Investor behaviour highlights a need for financial advisers
18 Jul, 2022

The COVID-19 pandemic shocked the world and left many scrounging for hand sanitiser and toilet paper as shopping aisles stood empty. Similar havoc was wreaked on financial markets as investors abandoned their long-term goals for the immediate emotional comfort on offer by moving either out of financial markets completely or into comparatively ‘safer’ assets.

It is this kind of kneejerk behaviour that is in dire need of curtailing according to Head of Behavioural Finance at Momentum Investments, Paul Nixon. He believes that this can and should be done with the power of sound financial advice.

“It is well documented that financial advice can prove incredibly valuable,” says Nixon. “A good financial adviser seems to earn far more for their clients than their annual advice fees, so why isn’t everyone queueing for great financial advice?”

Nixon believes there are likely two primary behavioural biases at play that may impact on the decision for investors to use financial advisers. “The first is undoubtedly overconfidence. With all the information we have access to these days, we can easily create the illusion of a more stable and predictable world. It’s all too easy to come across a so-called expert opinion and any view is easily supported by a number of sources online.”

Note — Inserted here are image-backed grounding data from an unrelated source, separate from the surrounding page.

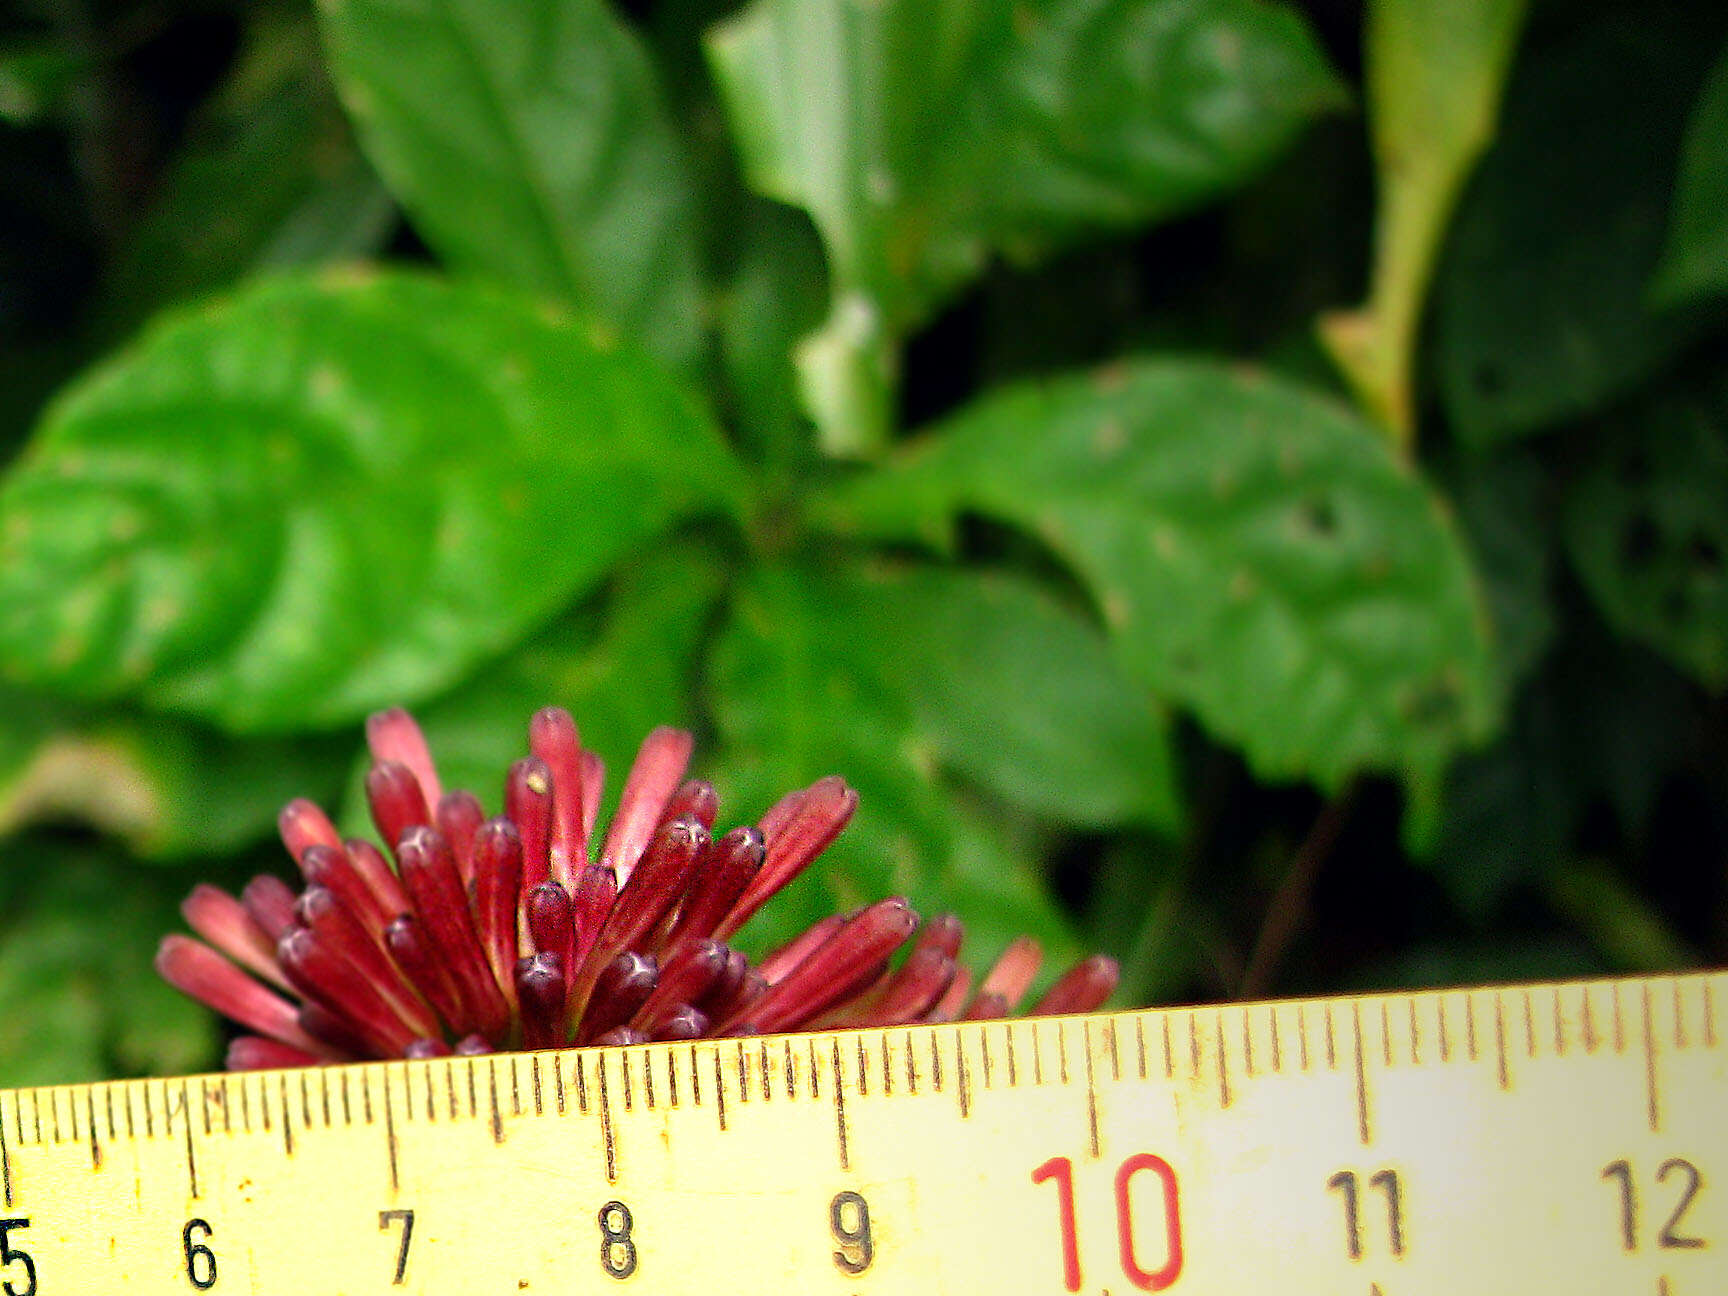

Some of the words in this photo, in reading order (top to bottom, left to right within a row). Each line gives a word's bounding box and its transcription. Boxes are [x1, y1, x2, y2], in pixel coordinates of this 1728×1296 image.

[182, 1217, 218, 1291] 6
[378, 1209, 415, 1285] 7
[599, 1200, 636, 1281] 8
[829, 1191, 875, 1276] 9
[1031, 1153, 1183, 1294] 10
[1327, 1168, 1405, 1261] 11
[1601, 1156, 1705, 1251] 12
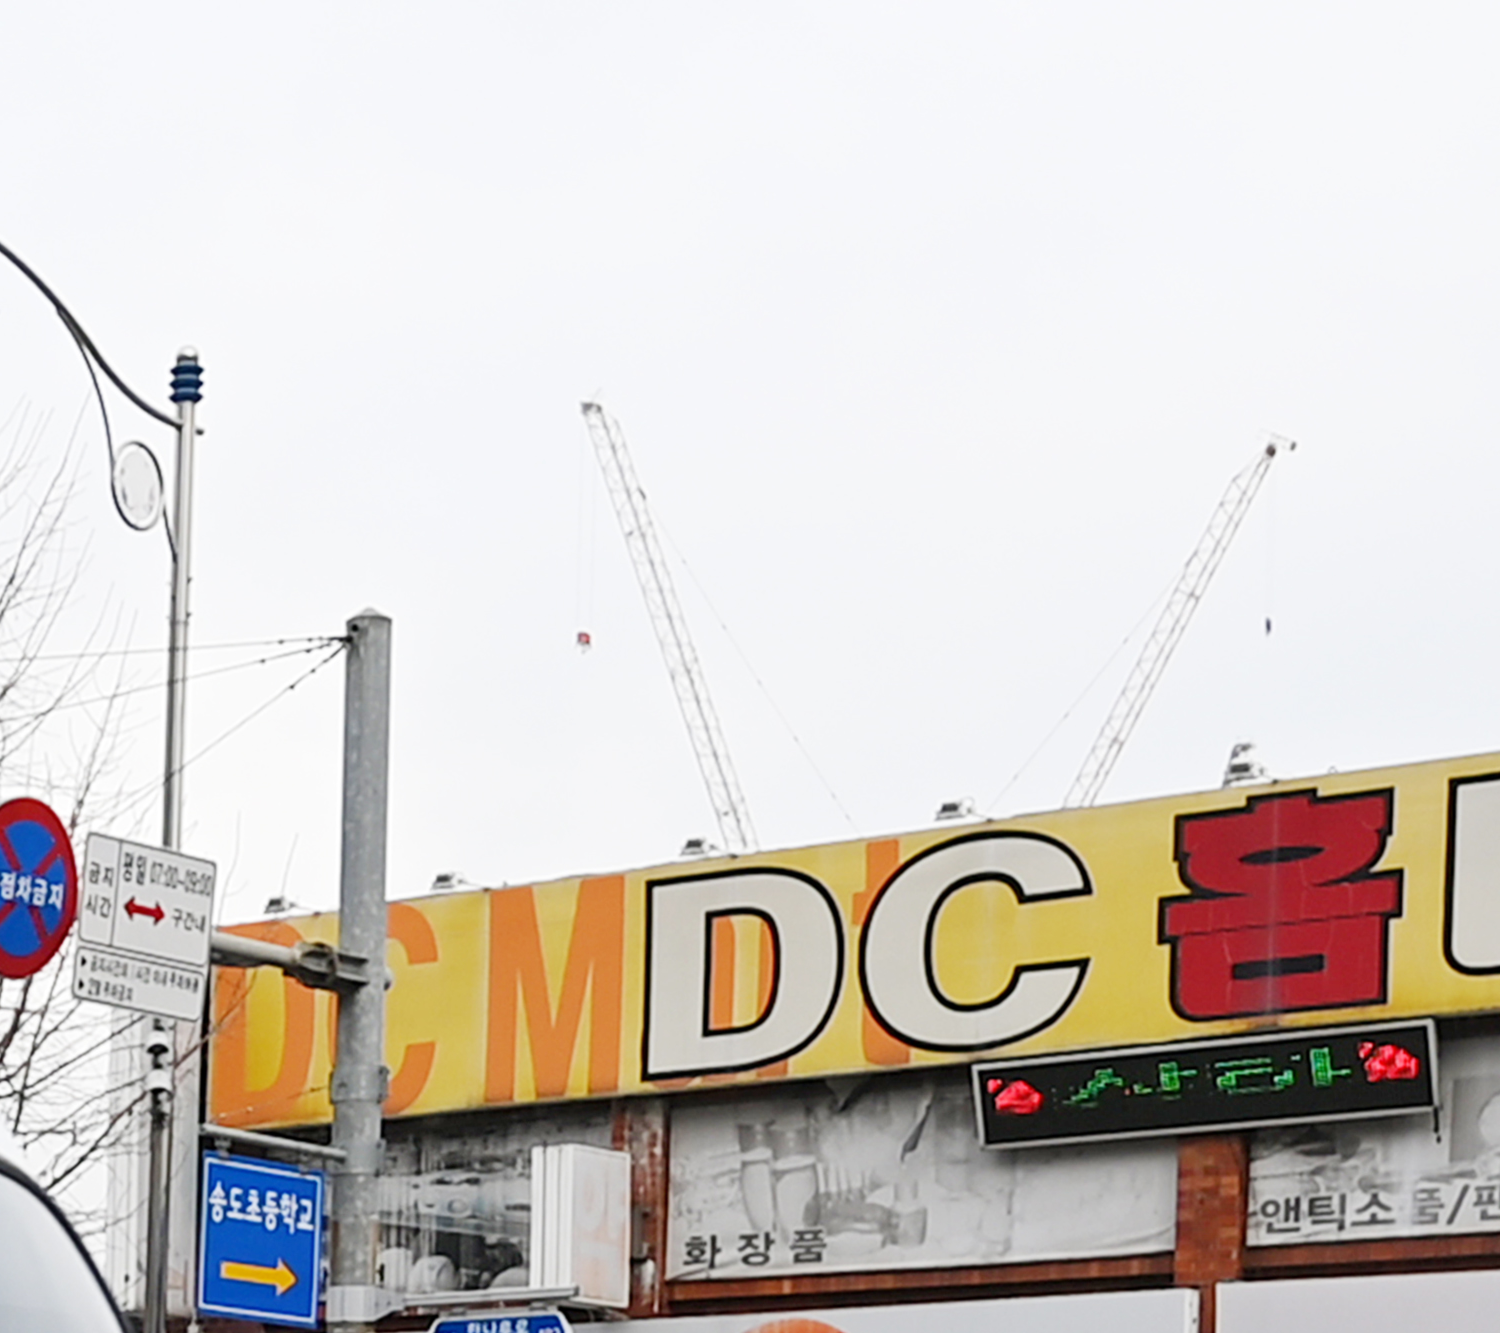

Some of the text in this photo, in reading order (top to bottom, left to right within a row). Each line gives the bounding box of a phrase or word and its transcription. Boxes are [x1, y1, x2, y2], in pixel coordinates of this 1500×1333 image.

[89, 862, 114, 887] 금지
[86, 894, 111, 919] 시간
[209, 1180, 314, 1235] 송도초등학교
[682, 1228, 828, 1269] 화장품
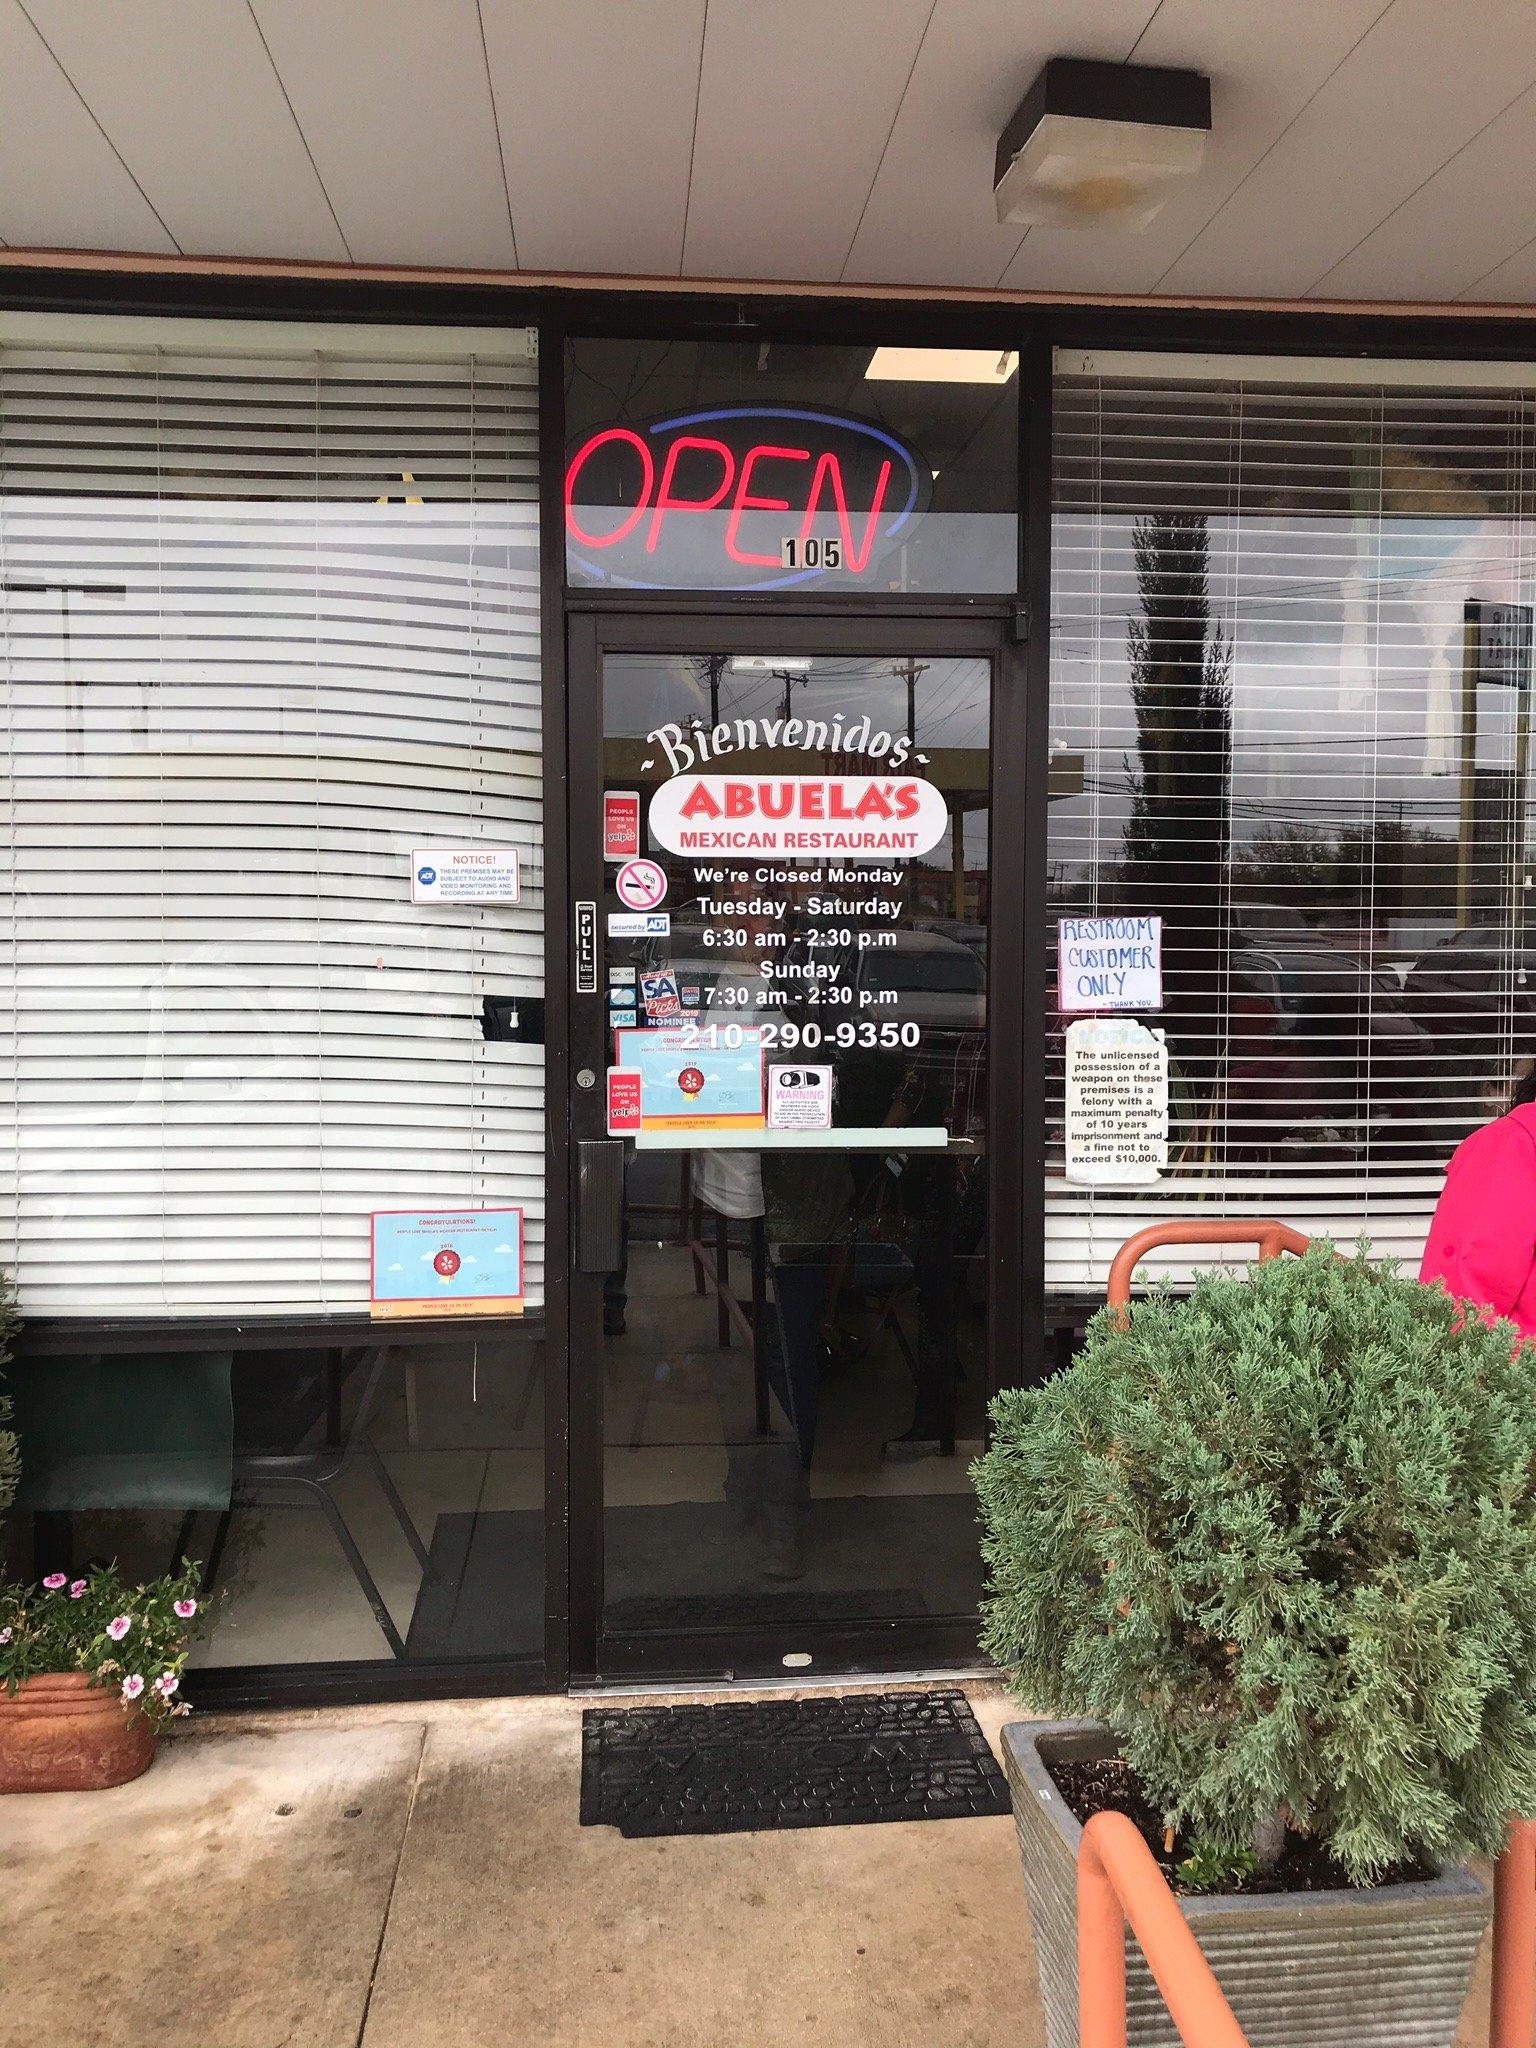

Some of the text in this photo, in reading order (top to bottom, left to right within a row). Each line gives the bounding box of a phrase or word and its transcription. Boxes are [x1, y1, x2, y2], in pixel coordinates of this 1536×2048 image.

[565, 428, 892, 573] OPEN
[784, 538, 840, 568] 105
[679, 781, 920, 821] ABUELA'S
[607, 832, 628, 842] yelp
[680, 832, 919, 849] MEXICAN RESTAURANT
[453, 855, 496, 864] NOTICE!
[420, 872, 434, 880] ADT
[755, 868, 822, 883] Closed
[828, 868, 904, 886] Monday
[697, 897, 787, 919] Tuesday
[807, 897, 903, 919] Saturday
[648, 918, 667, 931] ADT
[1063, 917, 1154, 941] RESTROOM
[581, 914, 592, 961] PULL
[702, 928, 748, 947] 6:30
[754, 932, 786, 947] am
[806, 928, 851, 947] 2:30
[858, 932, 897, 950] p.m
[1068, 946, 1156, 969] CUSTOMER
[759, 960, 840, 982] Sunday
[644, 977, 676, 998] SA
[1077, 971, 1126, 996] ONLY
[704, 987, 749, 1005] 7:30
[755, 990, 788, 1005] am
[807, 987, 852, 1005] 2:30
[859, 990, 898, 1008] p.m
[648, 999, 679, 1014] Picks
[648, 1018, 697, 1026] NOMINEE
[680, 1022, 921, 1049] 210-290-9350
[1076, 1051, 1160, 1060] The unlicensed
[1074, 1062, 1135, 1072] possession
[1139, 1062, 1150, 1070] of
[1072, 1076, 1114, 1084] weapon
[1133, 1074, 1163, 1082] these
[776, 1090, 824, 1100] WARNING
[1080, 1086, 1130, 1095] premises
[1134, 1086, 1144, 1094] is
[1082, 1097, 1114, 1107] felony
[1118, 1097, 1142, 1105] with
[612, 1108, 630, 1117] yelp
[1071, 1108, 1164, 1118] maximum penalty
[1086, 1120, 1148, 1130] of 10 years
[1072, 1132, 1162, 1141] imprisonment and
[1094, 1143, 1114, 1151] fine
[1072, 1154, 1160, 1164] exceed $10,000.

When coupled with selectively attributing positive outcomes to skilful decision-making and poor outcomes to simple bad luck, Nixon says this creates the illusion that investing decisions are much easier than what they are in reality. “People are terrified of losses and being more engaged with our investments gives us a greater sense of control,” he says.

Nixon’s theory comes off the back of the latest Momentum Investments Sci-Fi report, which measured investor behavioural patterns on the Momentum Wealth platform for the 2021 period. It found that the behavioural patterns of South African investors became more palpable in 2021 as a record number of investment switches were processed.

By analysing the behaviour of investors during this period, it was found that active investors (defined as investors performing switch transactions) increased by 80% and the number of switches increased by 50% to a record-high level of 27 994.

“This essentially explains why following our gut instincts when investing often does not always serve us well,” says Nixon. “Clearly, we all struggle to bridge our intentions and our actions. It would be more prudent to acknowledge that we are all simply human and should turn to objective advice when planning for our financial futures.”